» The problem:
Type out all the records word for word. Any pictures are to be left out.
◆ ◆ ◆ ◆ ◆ ◆ ◆
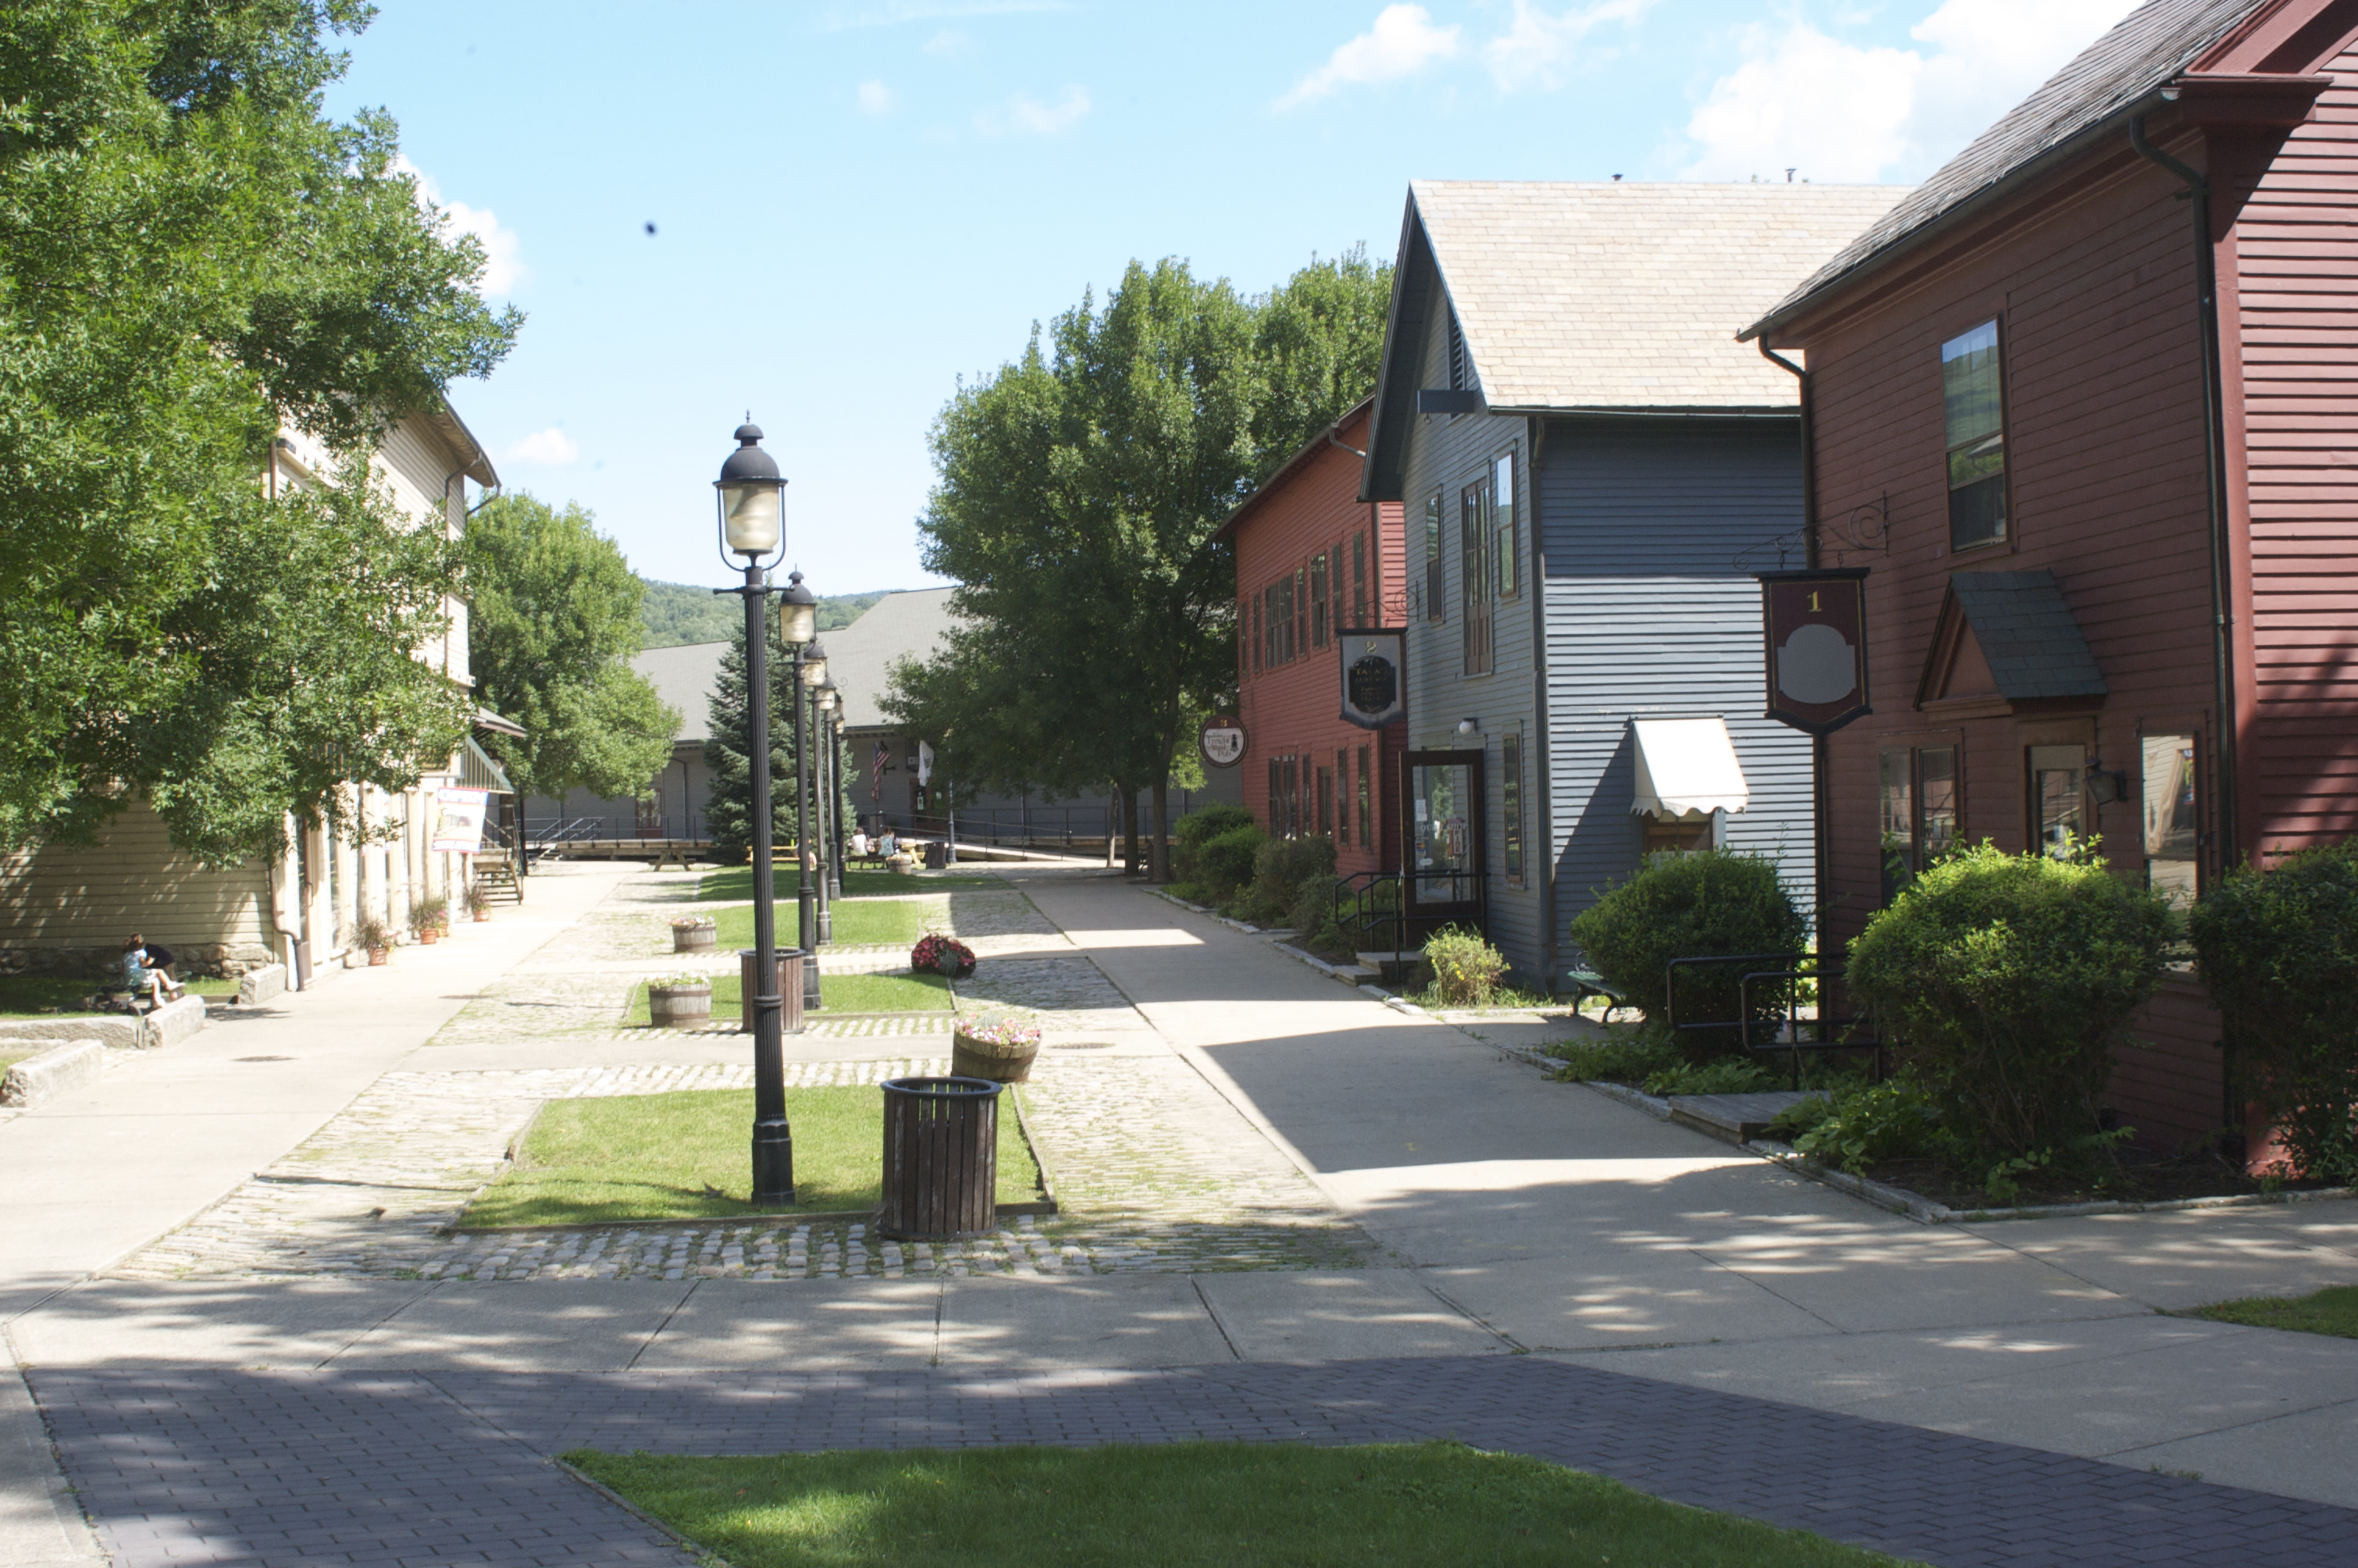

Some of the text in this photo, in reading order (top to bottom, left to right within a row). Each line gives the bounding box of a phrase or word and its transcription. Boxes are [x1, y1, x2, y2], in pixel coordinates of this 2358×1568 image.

[1807, 590, 1822, 612] 1
[1365, 640, 1377, 654] 2
[1220, 718, 1228, 728] 3
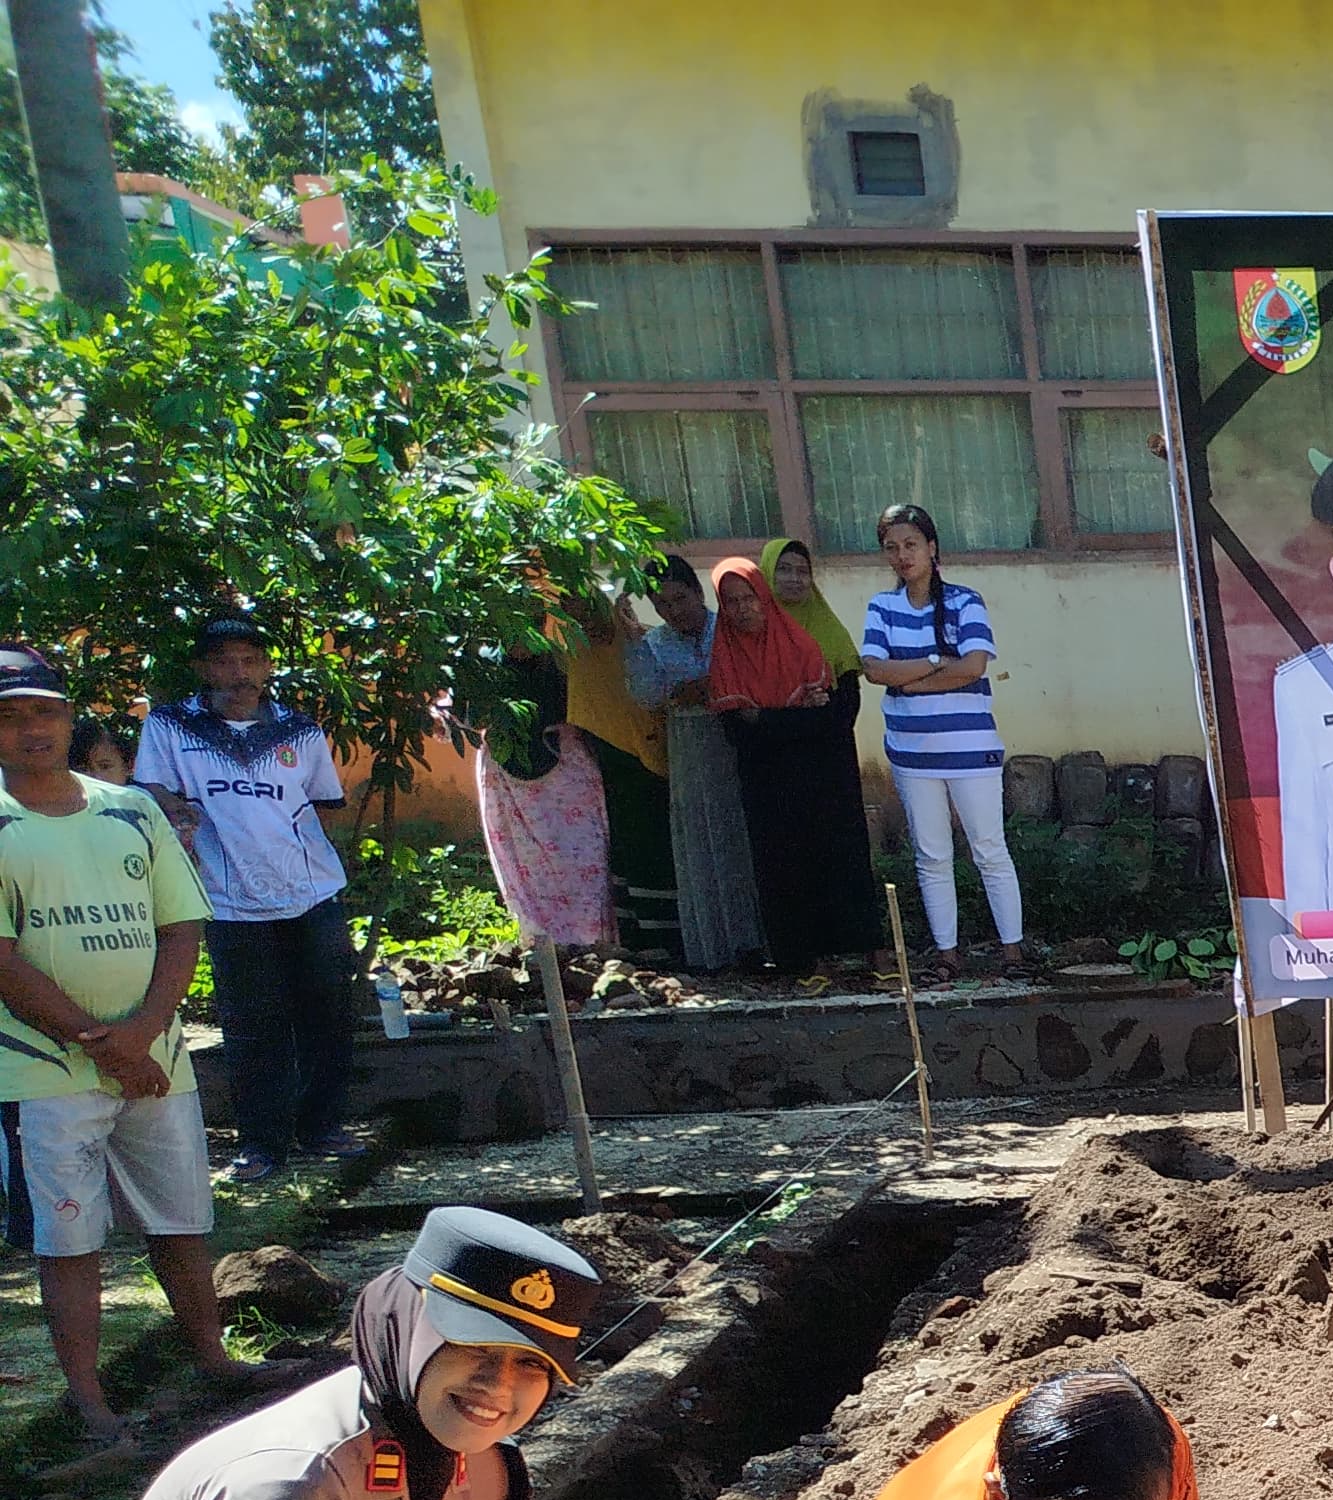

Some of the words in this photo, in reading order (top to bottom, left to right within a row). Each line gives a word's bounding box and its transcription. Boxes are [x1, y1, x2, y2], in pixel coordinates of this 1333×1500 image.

[206, 779, 284, 801] PGRI
[30, 902, 148, 929] SAMSUNG
[81, 926, 152, 952] mobile
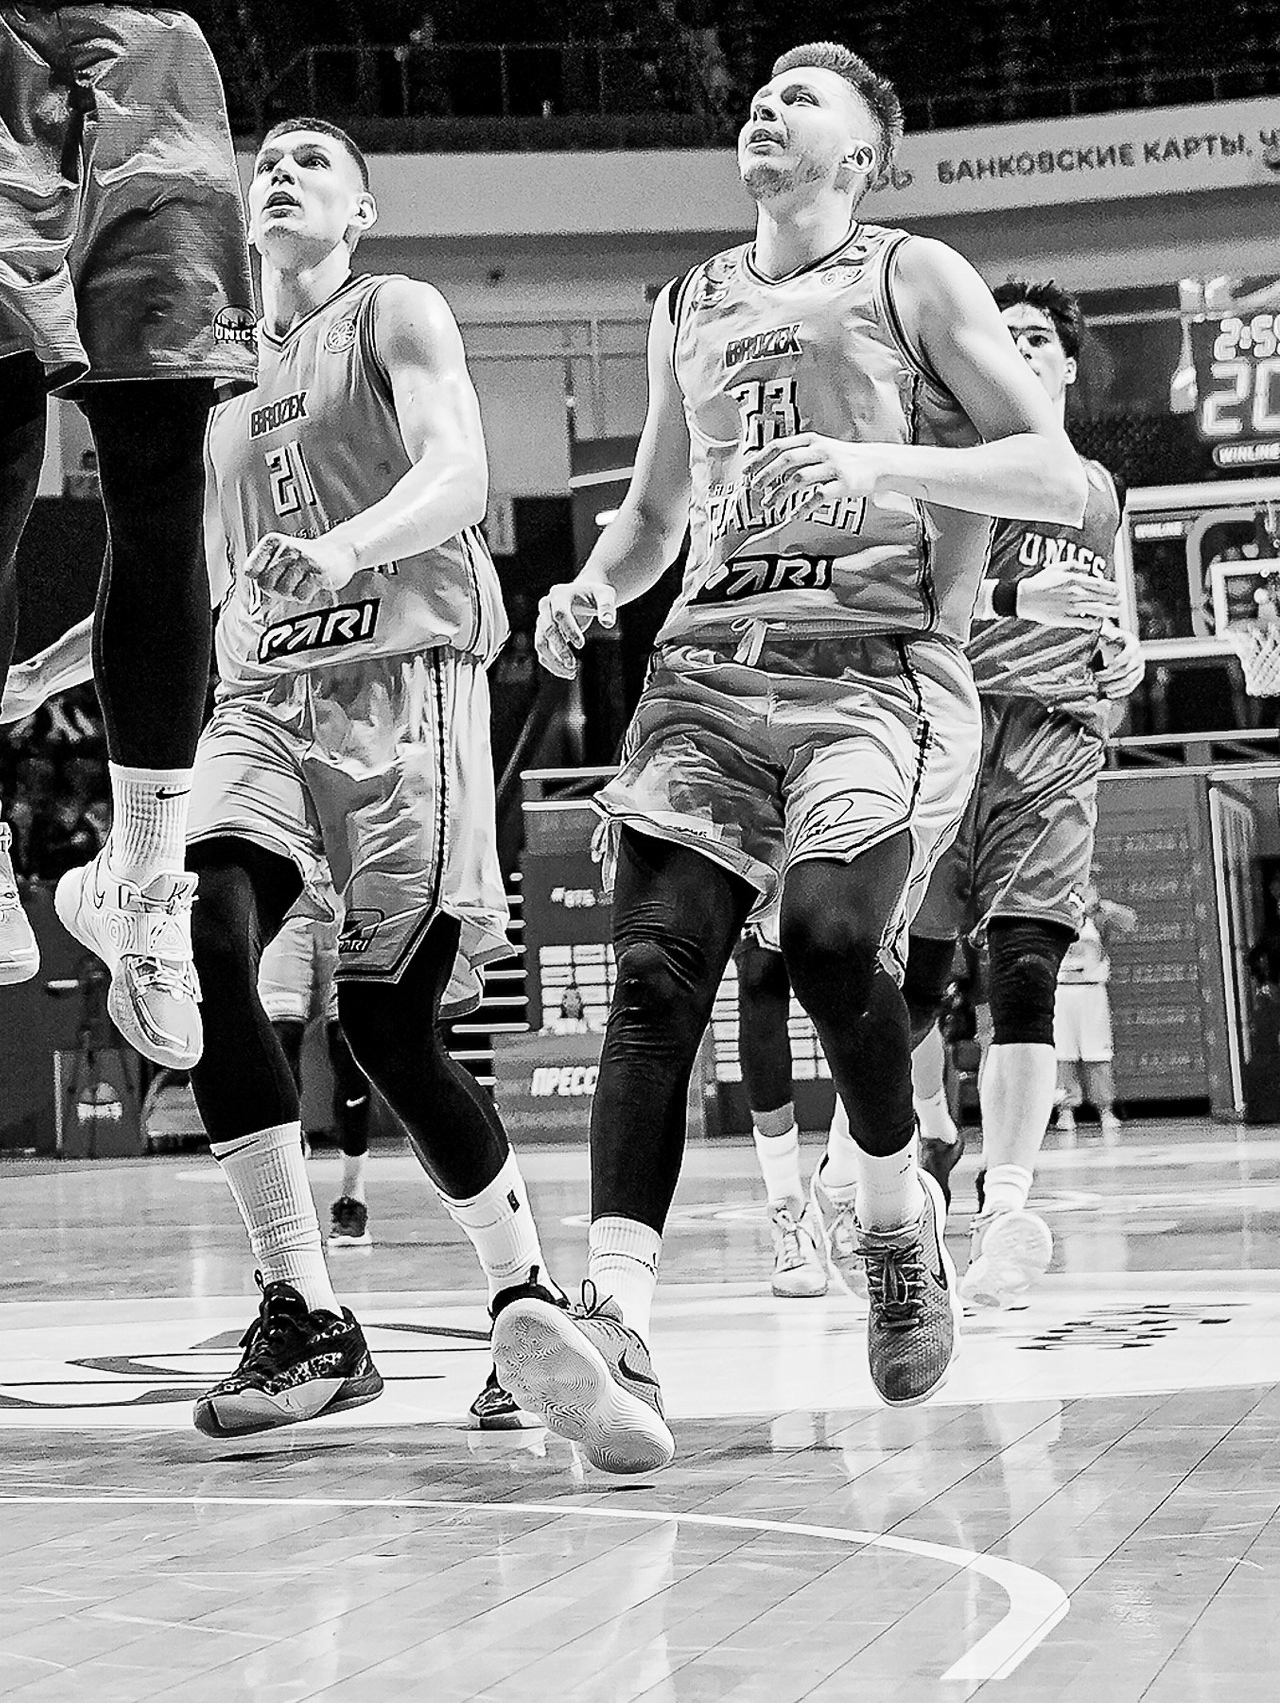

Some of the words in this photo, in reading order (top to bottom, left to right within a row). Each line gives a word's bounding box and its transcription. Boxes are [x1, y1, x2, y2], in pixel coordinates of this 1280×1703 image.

[937, 143, 1135, 184] БАНКОВСКИЕ
[215, 323, 259, 342] UNICS
[726, 324, 801, 367] BROZEX
[251, 391, 308, 439] BROZEX
[265, 440, 317, 517] 21
[258, 604, 374, 660] PARI
◆ ◆ ◆ ◆ ◆ ◆ ◆
» Exercise answer:
Some of the text in this photo, in reading order (top to bottom, left to right within a row). Each line gives the bounding box of a phrase or word and its transcription. Boxes are [x1, y1, x2, y2], in pixel coordinates of this 2358×1568 image.

[1807, 590, 1822, 612] 1
[1365, 640, 1377, 654] 2
[1220, 718, 1228, 728] 3

Some of the words in this photo, in reading order (top to bottom, left to right within a row). Each line gives a word's bounding box and its transcription. Boxes are [x1, y1, x2, y2], in pixel coordinates of this 1333×1500 image.

[206, 779, 284, 801] PGRI
[30, 902, 148, 929] SAMSUNG
[81, 926, 152, 952] mobile

Some of the words in this photo, in reading order (top to bottom, left to right within a row). Each line gives a word's bounding box and its transcription. Boxes are [x1, y1, x2, y2], in pixel coordinates of this 1280×1703 image.

[937, 143, 1135, 184] БАНКОВСКИЕ
[215, 323, 259, 342] UNICS
[726, 324, 801, 367] BROZEX
[251, 391, 308, 439] BROZEX
[265, 440, 317, 517] 21
[258, 604, 374, 660] PARI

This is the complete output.